Shadow Blade: A tool to interact with attack vectors
Ariel R. Ril, Daniel Dalalana Bertoglio, Avelino F. Zorzo
TL;DR
Shadow Blade addresses the need to organize diverse offensive tooling into a coherent attack graph for Capture the Flag and penetration testing contexts. It employs a modular Domain-Driven Design architecture with Go-based components for computation, TypeScript for graph handling, Neo4j storage, and a React UI to visualize results, beginning with reconnaissance via $nmap$ and $ffuf$. The work formalizes attack graphs as $G=(S,\\tau,S_0,S_s)$ and defines attack vectors as sequences of techniques, and it evaluates Shadow Blade on an HTB Armageddon machine to demonstrate construction and exploration of attack paths.
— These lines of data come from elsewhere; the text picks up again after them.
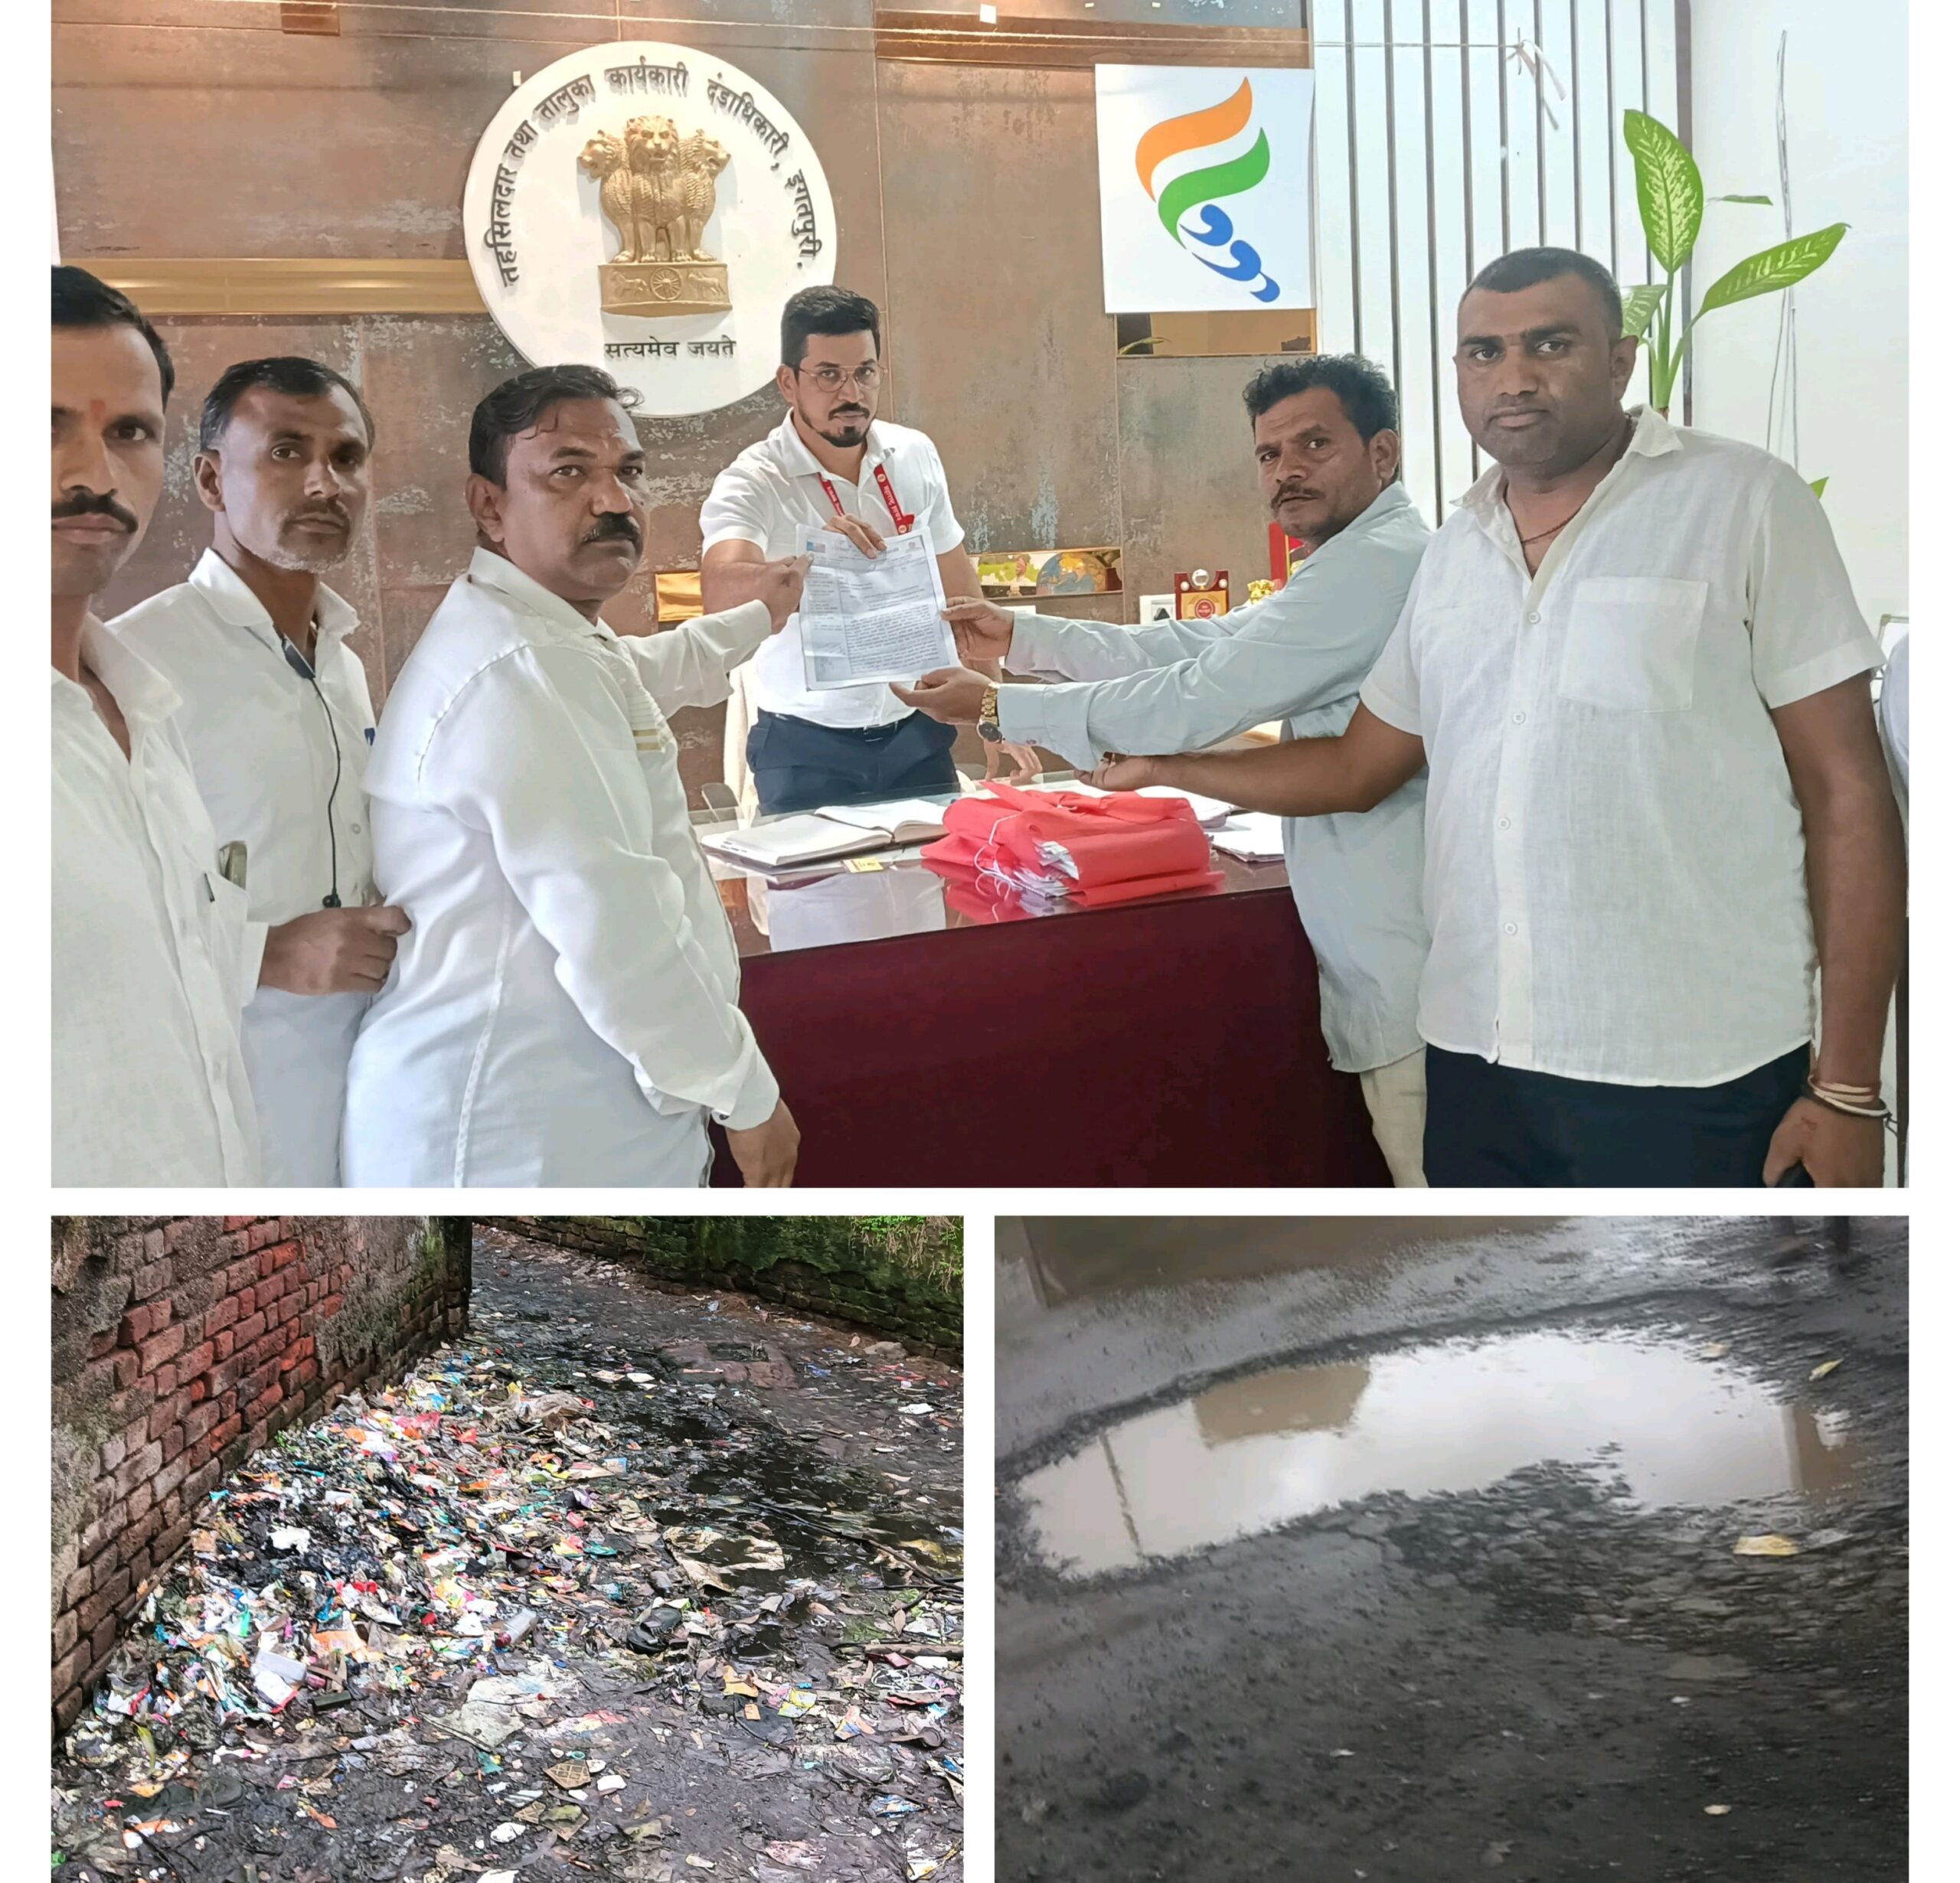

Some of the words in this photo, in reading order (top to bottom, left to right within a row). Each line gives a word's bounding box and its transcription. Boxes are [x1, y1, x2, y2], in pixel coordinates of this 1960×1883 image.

[483, 162, 520, 288] तहसिलदार
[503, 119, 539, 159] तथा
[532, 73, 596, 120] तालुका
[603, 54, 689, 91] कार्यकारी
[707, 71, 790, 172] दंडाधिकारी,
[783, 168, 823, 269] इगतपुरी.
[604, 335, 680, 358] सत्यमेव
[687, 334, 737, 357] जयते
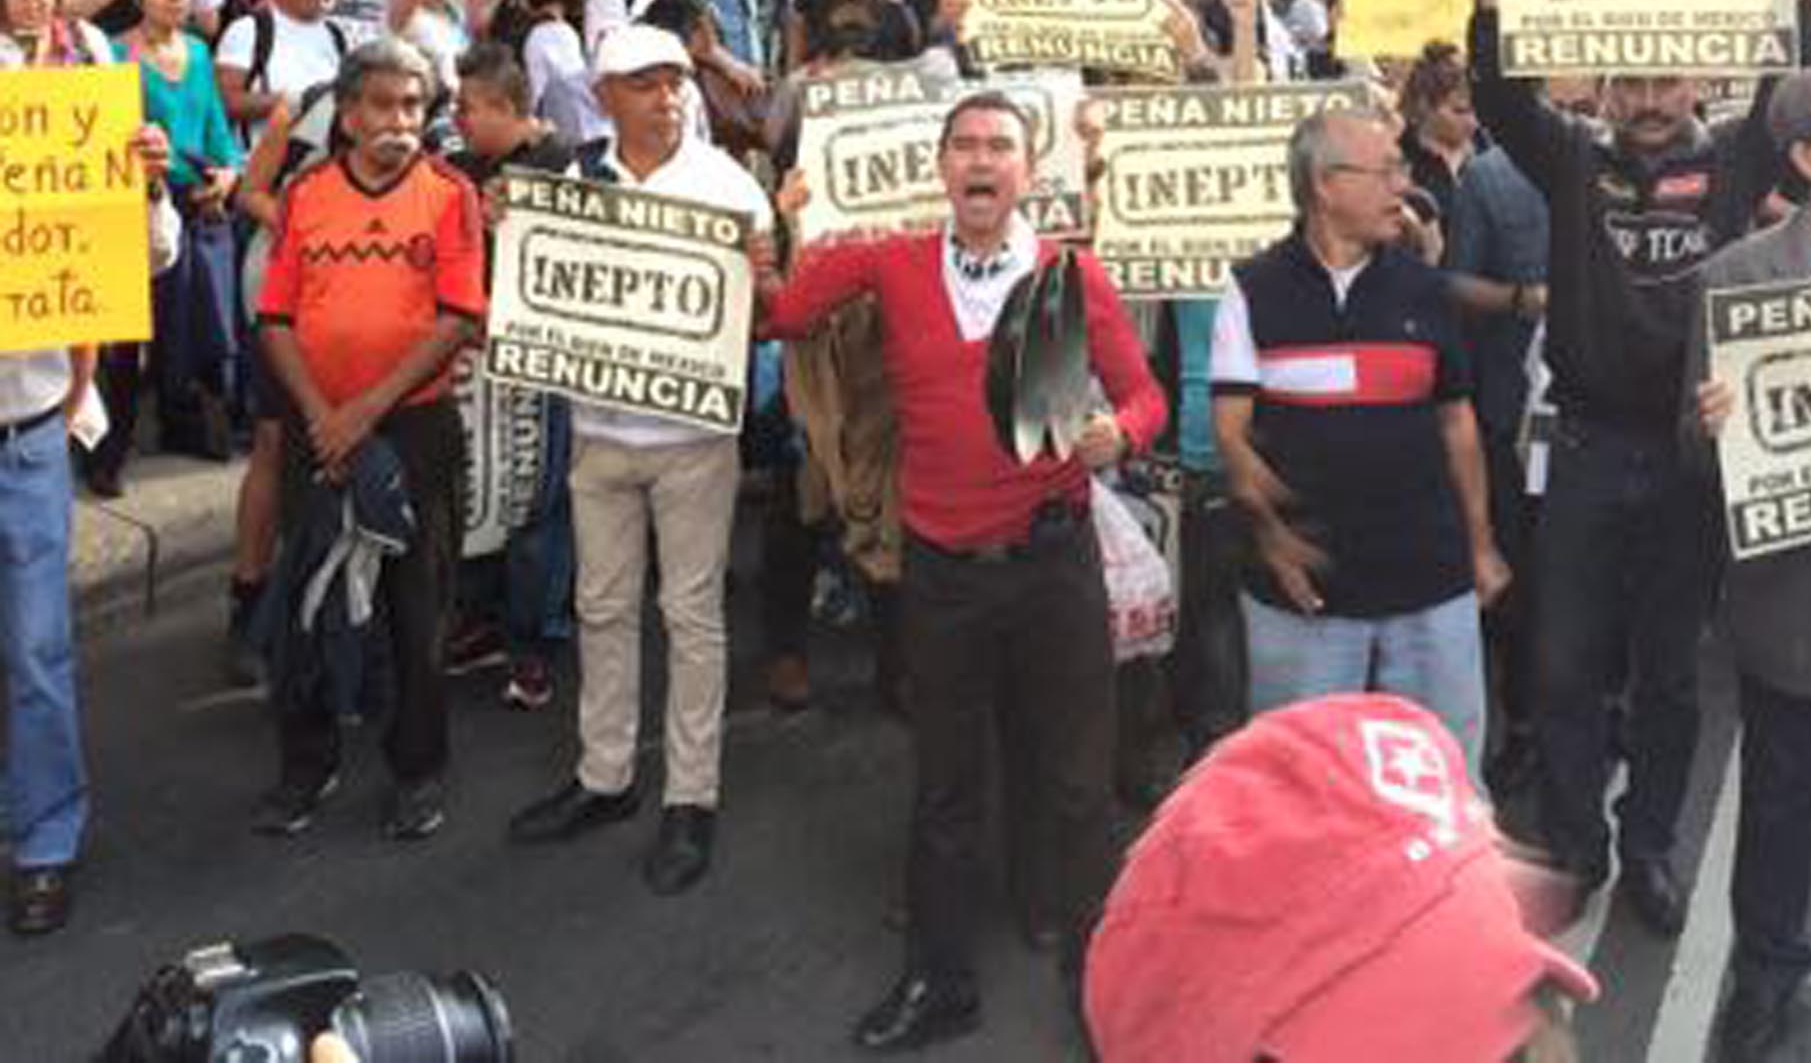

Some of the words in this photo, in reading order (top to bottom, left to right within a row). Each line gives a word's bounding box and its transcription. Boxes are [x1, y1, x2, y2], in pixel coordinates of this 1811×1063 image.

[976, 37, 1177, 75] RENUNCIA
[1513, 31, 1788, 65] RENUNCIA
[805, 69, 925, 111] PEÑA
[0, 150, 88, 193] eña
[1124, 162, 1288, 211] INEPT
[507, 178, 607, 218] PEÑA
[618, 196, 740, 245] NIETO
[532, 255, 713, 318] INEPTO
[1105, 258, 1228, 289] RENU
[495, 341, 732, 423] RENUNCIA
This approach enables cyber security professionals to rapidly discover, select, and explore attack vectors, with extensibility for additional tools and future planning or learning-based enhancements.
Abstract
The increased demand of cyber security professionals has also increased the development of new platforms and tools that help those professionals to improve their offensive skills. One of these platforms is HackTheBox, an online cyber security training platform that delivers a controlled and safe environment for those professionals to explore virtual machines in a Capture the Flag (CTF) competition style. Most of the tools used in a CTF, or even on real-world Penetration Testing (Pentest), were developed for specific reasons so each tool usually has different input and output formats. These different formats make it hard for cyber security professionals and CTF competitors to develop an attack graph. In order to help cyber security professionals and CTF competitors to discover, select and exploit an attack vector, this paper presents Shadow Blade, a tool to aid users to interact with their attack vectors.